*** Opening SUPPLIED MATERIAL ***

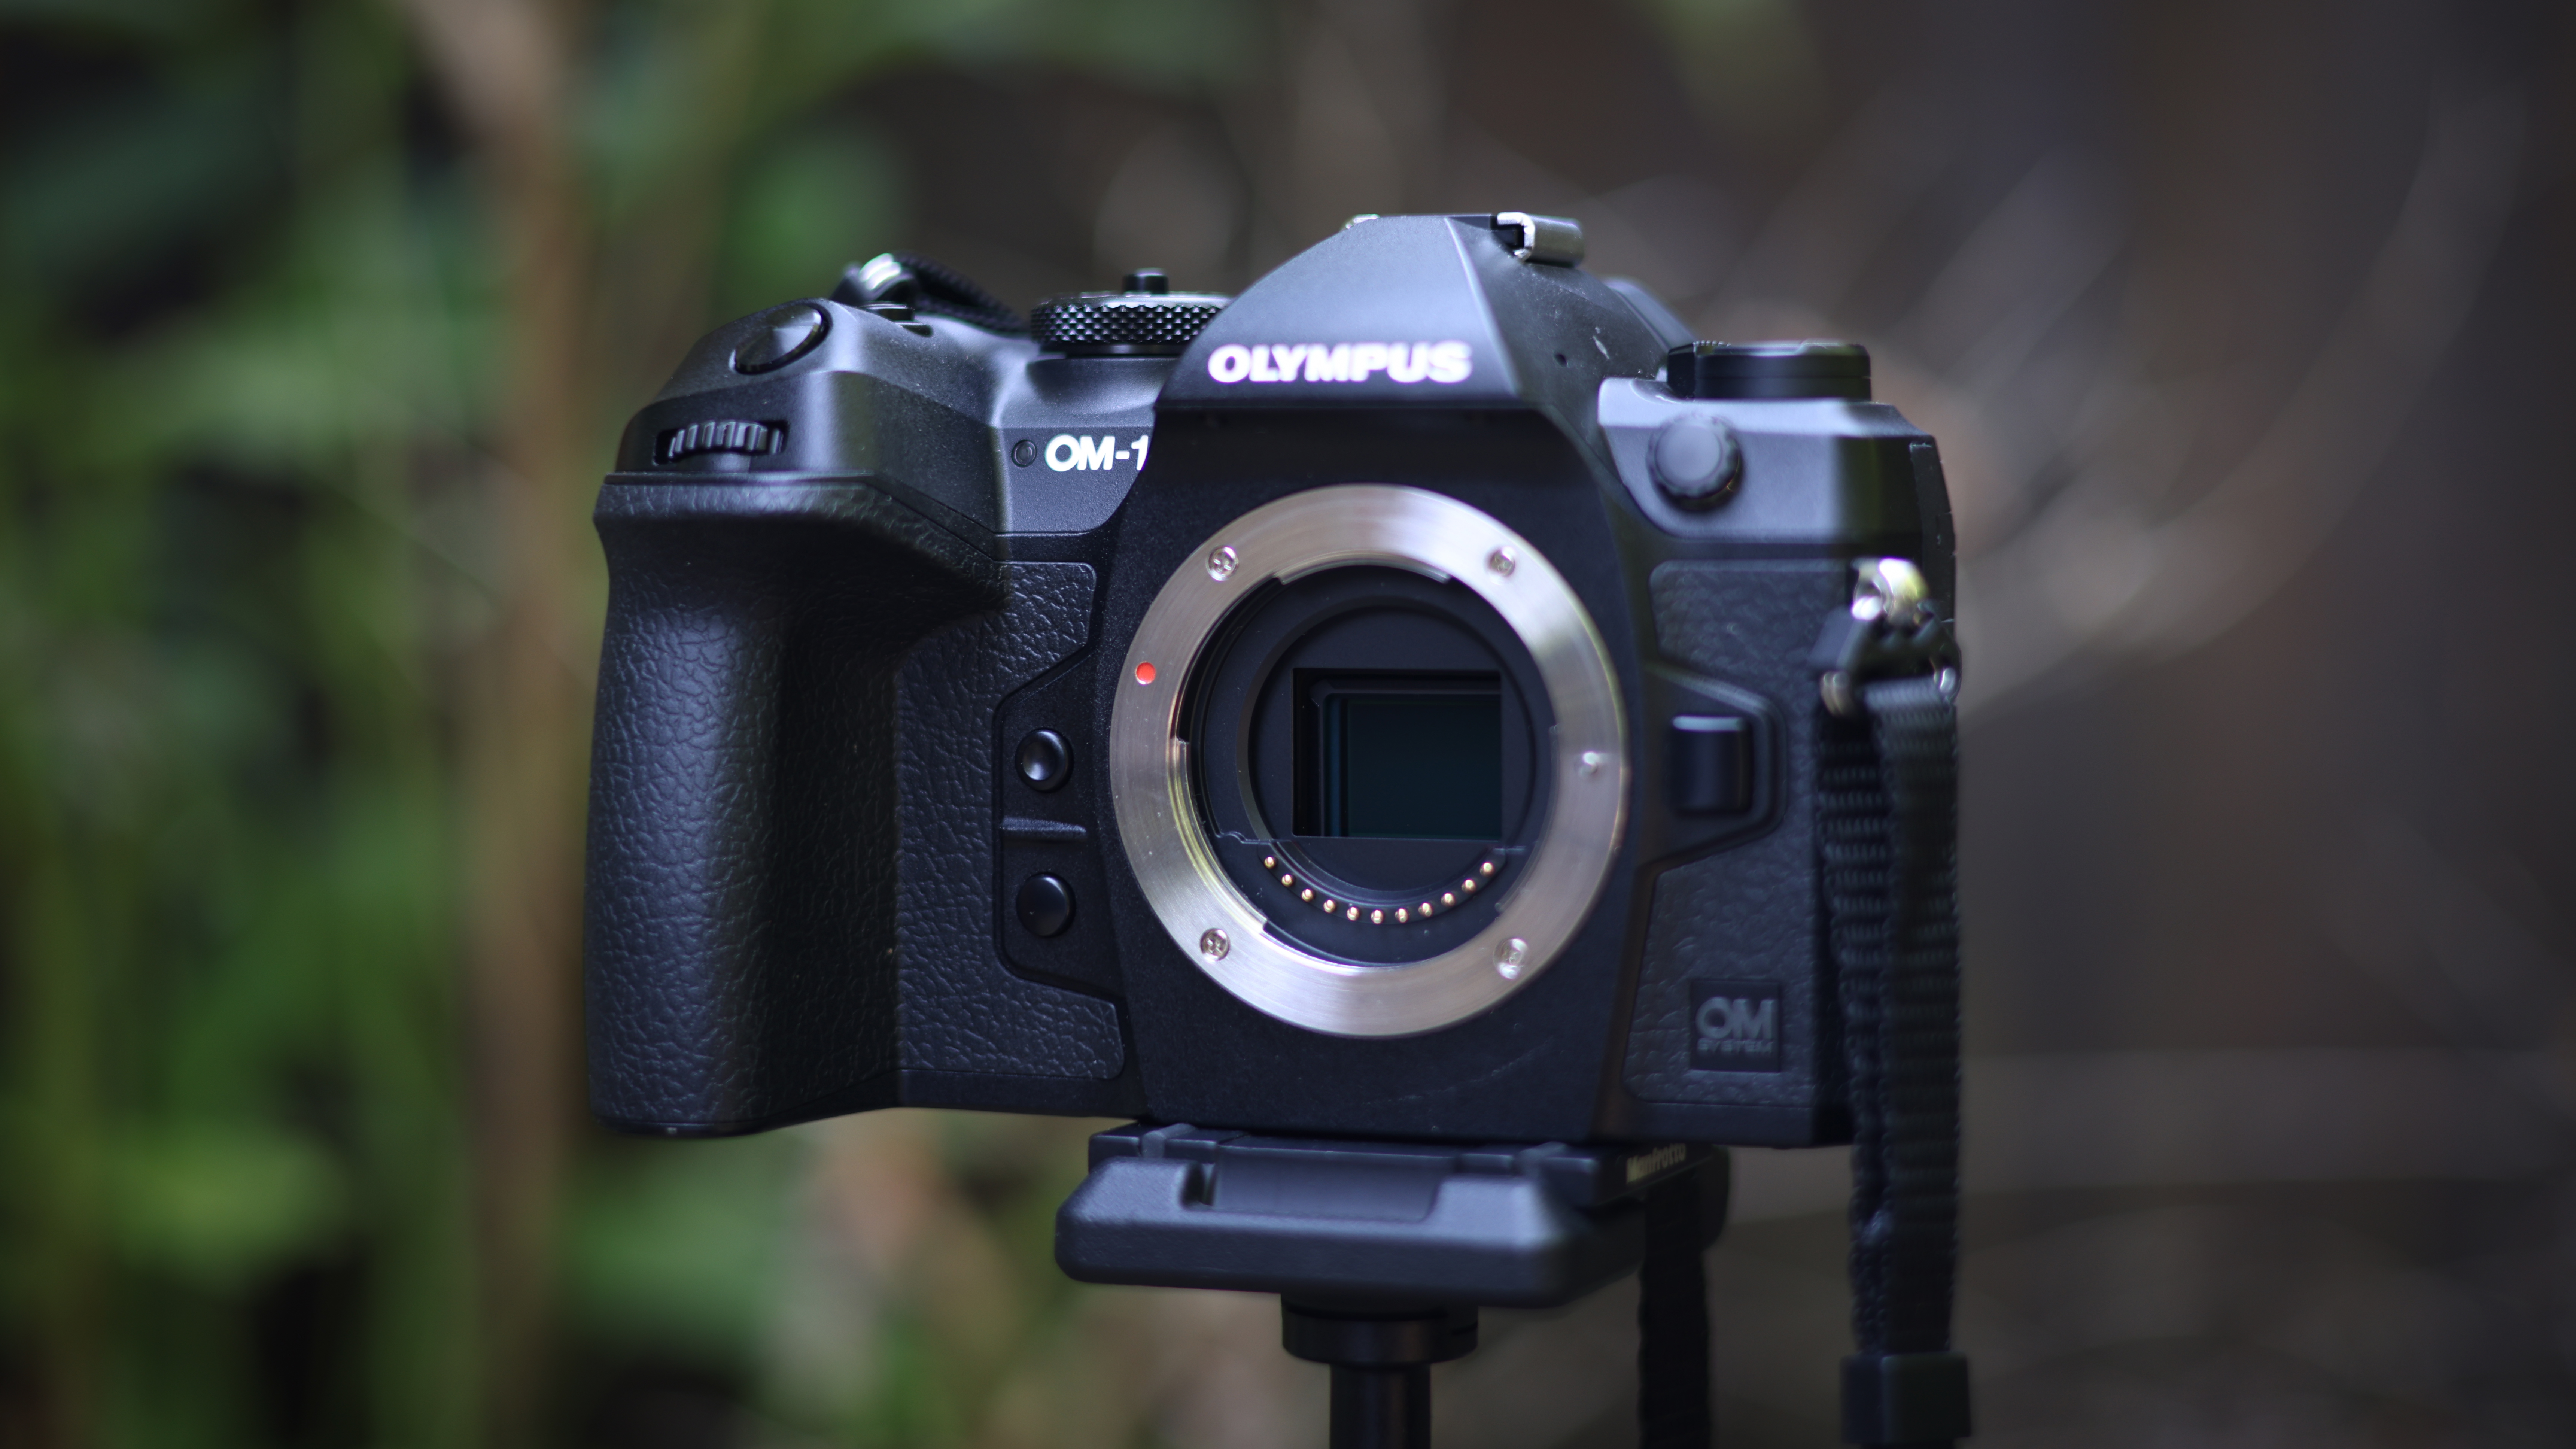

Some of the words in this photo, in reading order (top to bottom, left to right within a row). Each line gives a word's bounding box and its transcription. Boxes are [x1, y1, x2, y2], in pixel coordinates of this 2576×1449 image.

[1208, 341, 1472, 383] OLYMPUS
[1044, 433, 1149, 472] OM-1
[1695, 996, 1777, 1039] OM
[1697, 1038, 1774, 1054] SYSTEM
[1626, 1143, 1686, 1184] Manfrotto

*** Closing SUPPLIED MATERIAL ***

__TASK DETAILS__:
Write out all the entries again, word for word, and print no images.

__TASK RESULT__:
Some of the words in this photo, in reading order (top to bottom, left to right within a row). Each line gives a word's bounding box and its transcription. Boxes are [x1, y1, x2, y2], in pixel coordinates of this 2576×1449 image.

[1208, 341, 1472, 383] OLYMPUS
[1044, 433, 1149, 472] OM-1
[1695, 996, 1777, 1039] OM
[1697, 1038, 1774, 1054] SYSTEM
[1626, 1143, 1686, 1184] Manfrotto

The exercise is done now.